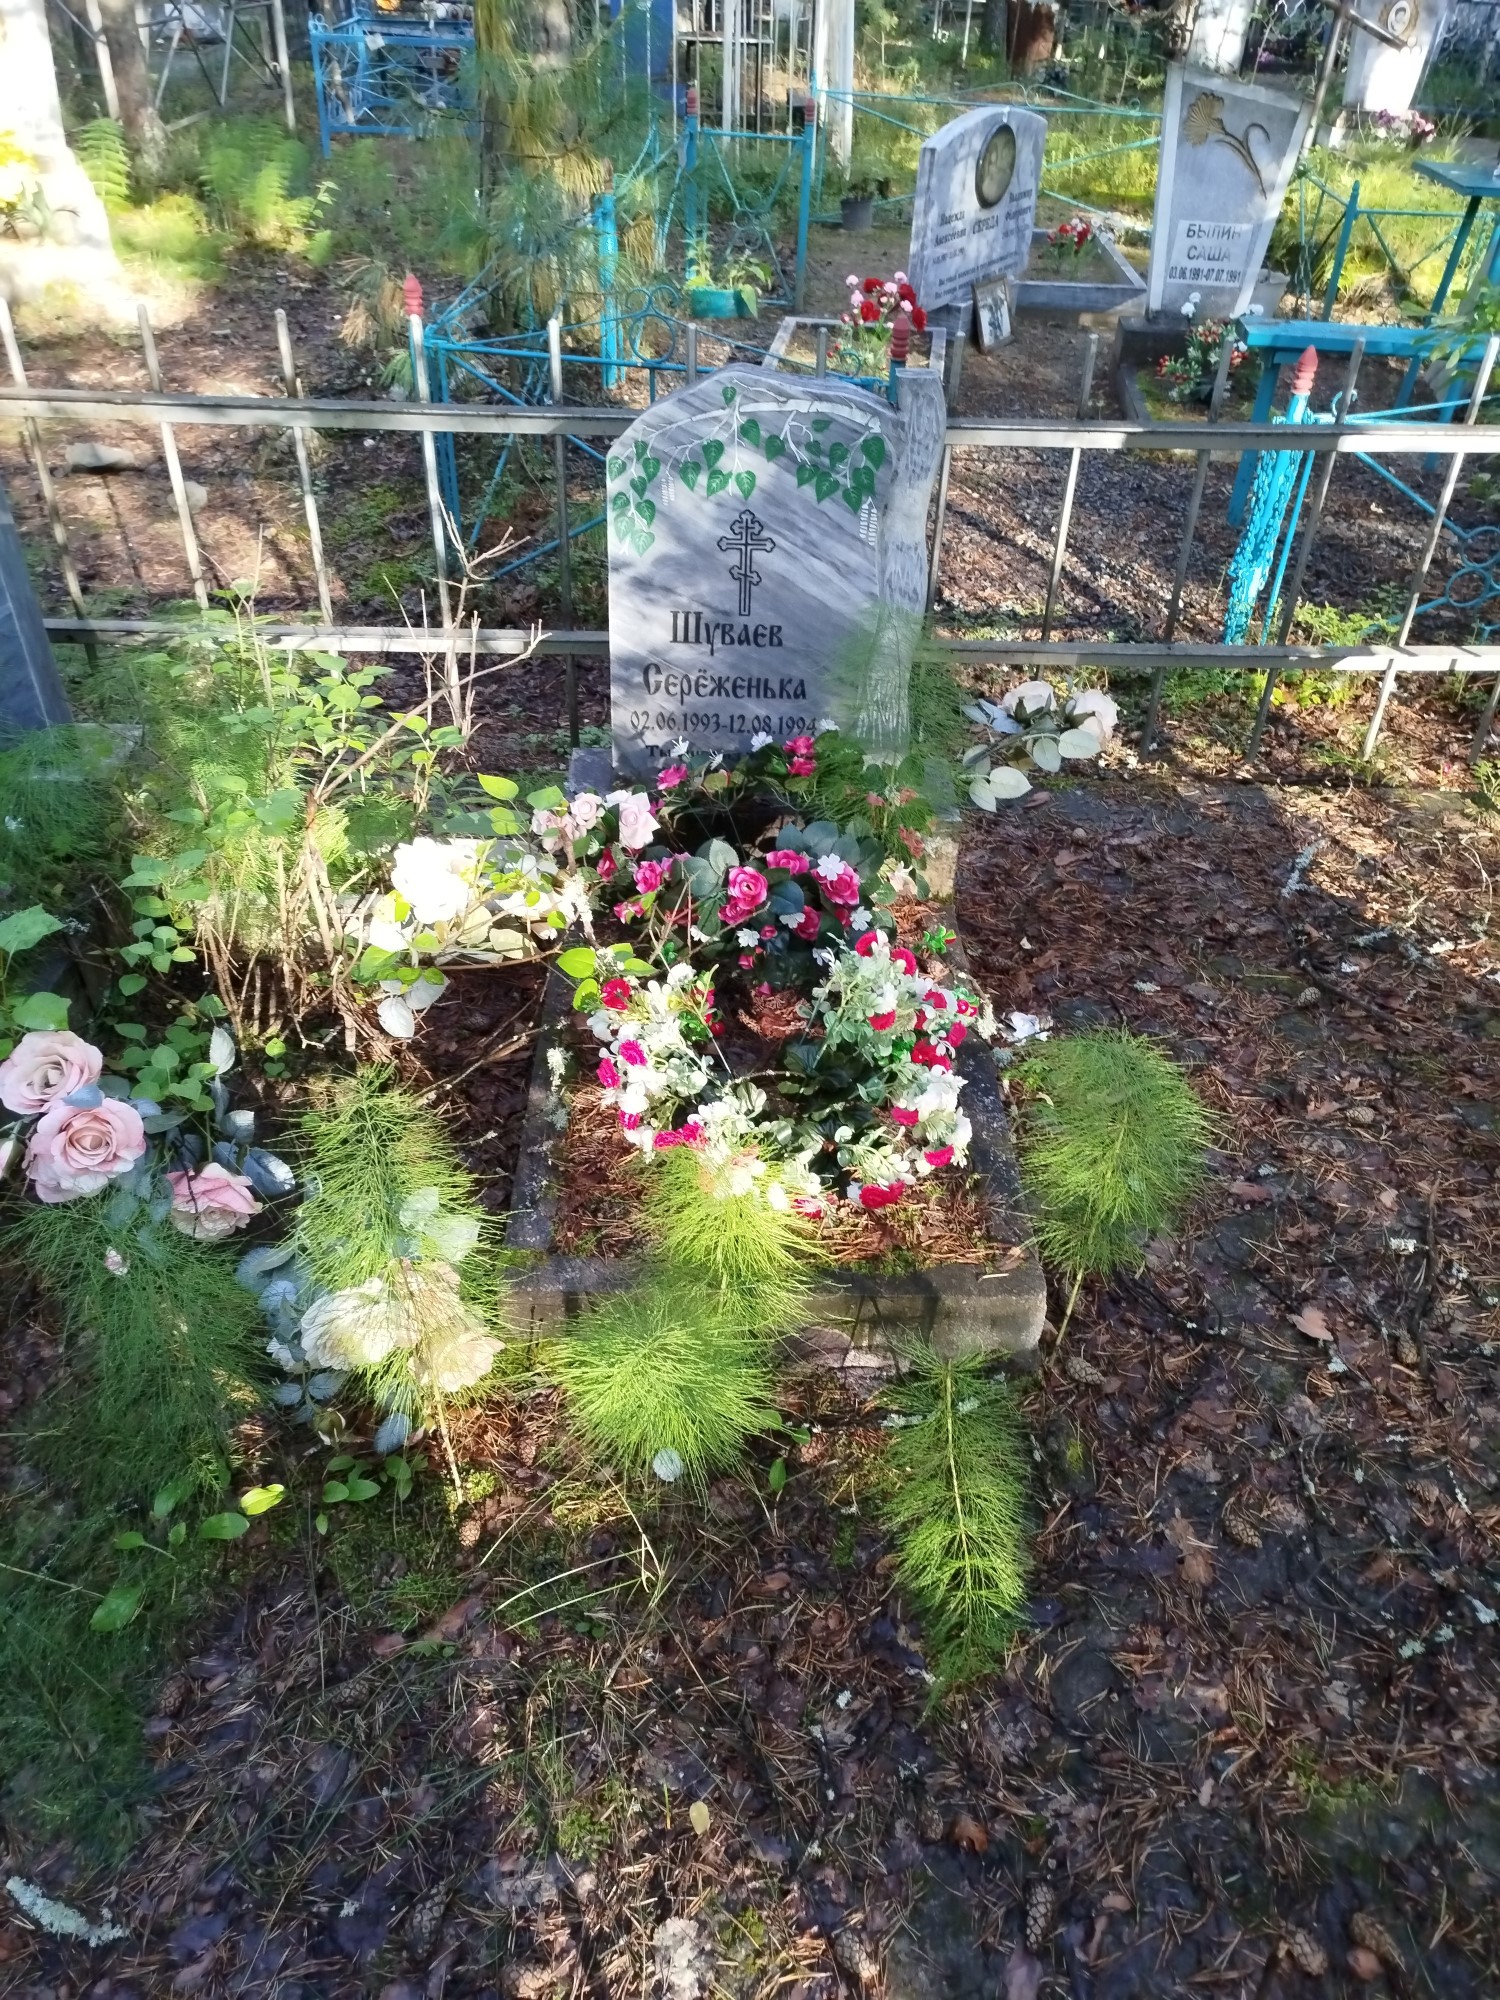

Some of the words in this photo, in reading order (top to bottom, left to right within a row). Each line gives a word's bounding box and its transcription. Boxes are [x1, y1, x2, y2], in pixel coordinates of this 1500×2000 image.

[1187, 245, 1232, 262] САША
[669, 610, 784, 656] Шуваев
[642, 662, 808, 706] Серёженька
[630, 710, 817, 736] 02.06.1993-12.08.1994
::::::::::
Output every entry above verbatim, but leave out the pictures.

▶ [SOLUTION FOR THIS EXERCISE]:
Some of the words in this photo, in reading order (top to bottom, left to right within a row). Each line gives a word's bounding box and its transcription. Boxes are [x1, y1, x2, y2], in pixel coordinates of this 1500×2000 image.

[1187, 245, 1232, 262] САША
[669, 610, 784, 656] Шуваев
[642, 662, 808, 706] Серёженька
[630, 710, 817, 736] 02.06.1993-12.08.1994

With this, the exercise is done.